Parental Alienation Syndrome Passes the Frye Test
by J. Michael Bone, Ph.D.
In a recent article published in The Comentator(1), Miami psychologist, Michael Poliacoff, Ph.D., wrote an article arguing against the case for considering Parental Alienation Syndrome as a valid diagnosis, as well as for it not being admissible as evidence in court. His argument was legalistic in its posture, citing Frye Standards as well as Daubert. His conclusion was that Parental Alienation Syndrome could not pass these legal tests, and likely never would. That article was published in 2000.
It is perhaps ironic that on November 22, 2000, in the 13th Judicial Circuit here in Florida, that a Frye hearing was held wherein Richard Gardner, M.D., Parental Alienation Syndrome’s originator; and Richard Warshak, Ph.D., one of PAS’s leading psychological advocates ,testified for two days in a specifically styled Frye Hearing. The result was that the Court ruled that Parental Alienation Syndrome did indeed pass the Frye Test. The Frye test is related to a 1923 Federal Appeals Court Decision that for sceintific evidence to be admissible in court that it must be gathered using techinques that have gained general acceptance in their field.2 This ruling was the first time in the United states, that PAS crossed this important legal threshold, obviously contradicting Dr.
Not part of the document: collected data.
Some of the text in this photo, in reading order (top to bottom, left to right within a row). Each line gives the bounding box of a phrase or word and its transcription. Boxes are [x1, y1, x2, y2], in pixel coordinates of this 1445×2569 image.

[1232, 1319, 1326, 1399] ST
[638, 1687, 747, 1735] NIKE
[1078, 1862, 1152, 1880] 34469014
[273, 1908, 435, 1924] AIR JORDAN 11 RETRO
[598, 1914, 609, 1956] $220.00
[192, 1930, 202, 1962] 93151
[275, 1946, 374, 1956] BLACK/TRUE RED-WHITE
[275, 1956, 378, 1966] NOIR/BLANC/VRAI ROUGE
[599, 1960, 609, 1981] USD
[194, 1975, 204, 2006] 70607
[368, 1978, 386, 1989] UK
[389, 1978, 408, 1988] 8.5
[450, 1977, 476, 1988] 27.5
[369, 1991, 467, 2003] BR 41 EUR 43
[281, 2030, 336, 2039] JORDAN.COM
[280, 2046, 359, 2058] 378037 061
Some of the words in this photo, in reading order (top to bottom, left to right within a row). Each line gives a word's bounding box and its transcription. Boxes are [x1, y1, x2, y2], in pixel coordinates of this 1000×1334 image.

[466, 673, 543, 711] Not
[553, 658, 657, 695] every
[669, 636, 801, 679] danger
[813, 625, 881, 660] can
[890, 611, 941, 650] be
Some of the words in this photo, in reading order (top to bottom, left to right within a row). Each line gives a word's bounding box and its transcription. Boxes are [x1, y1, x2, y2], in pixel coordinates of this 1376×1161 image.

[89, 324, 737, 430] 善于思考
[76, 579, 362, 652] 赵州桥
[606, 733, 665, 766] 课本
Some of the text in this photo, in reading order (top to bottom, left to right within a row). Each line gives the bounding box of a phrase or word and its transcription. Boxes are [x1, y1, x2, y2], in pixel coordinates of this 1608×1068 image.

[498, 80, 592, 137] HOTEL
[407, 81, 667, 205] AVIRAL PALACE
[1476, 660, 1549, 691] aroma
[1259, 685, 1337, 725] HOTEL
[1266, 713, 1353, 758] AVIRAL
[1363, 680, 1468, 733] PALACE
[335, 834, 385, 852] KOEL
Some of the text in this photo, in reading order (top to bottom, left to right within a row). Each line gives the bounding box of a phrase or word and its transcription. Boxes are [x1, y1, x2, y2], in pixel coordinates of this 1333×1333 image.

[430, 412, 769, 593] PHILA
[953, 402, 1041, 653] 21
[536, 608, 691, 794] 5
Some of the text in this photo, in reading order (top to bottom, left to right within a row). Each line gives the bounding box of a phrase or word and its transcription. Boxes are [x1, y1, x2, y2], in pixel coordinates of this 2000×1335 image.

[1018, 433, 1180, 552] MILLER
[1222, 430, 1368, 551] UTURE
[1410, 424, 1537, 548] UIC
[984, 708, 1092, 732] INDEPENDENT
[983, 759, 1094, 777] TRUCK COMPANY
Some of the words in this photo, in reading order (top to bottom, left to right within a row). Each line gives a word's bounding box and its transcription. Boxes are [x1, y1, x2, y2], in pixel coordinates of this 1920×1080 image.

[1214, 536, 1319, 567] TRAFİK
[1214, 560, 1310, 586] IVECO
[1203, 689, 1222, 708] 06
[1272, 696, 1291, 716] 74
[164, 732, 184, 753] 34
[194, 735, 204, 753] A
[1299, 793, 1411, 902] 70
Poliakoff’s predictions.
The key points of the Courts ruling are briefly discussed below.
Specifically, the court ruled, “If I do have to apply a Frye Test he has passed the Frye Test, and I find that Parental Alienation Syndrome has passed the Frye Test in my Courtroom which is a Circuit Court Courtroom in the Family Law Division, based on the evidence and the argument before me.”(3) The evidence cited included testimony from Dr. Gardner, his Cirruculum Vitae, excerpts from his writings and other works by other writers. The Court, in its opinion, specifically cited an article published some two years before this hearing in the Florida Bar Journal, which was determined to have “credibility.”(4) The Court also heard from two psycholgists who argued that Parental Alienation Syndrome was not accepted within the scientific community. Their argument was interpreted by the Court as being tantamount to there being some sort of “disciplinary turf battle” wherein one faction does believe in PAS ,and the other faction does not. The Court concludes that this disciplinary divisiveness in no way invalidates the general acceptance of PAS by the scientific community. It was also argued that Parental Alienation Syndrome does not appear in the DSM-lV, which they offered as evidence of its nonexistence.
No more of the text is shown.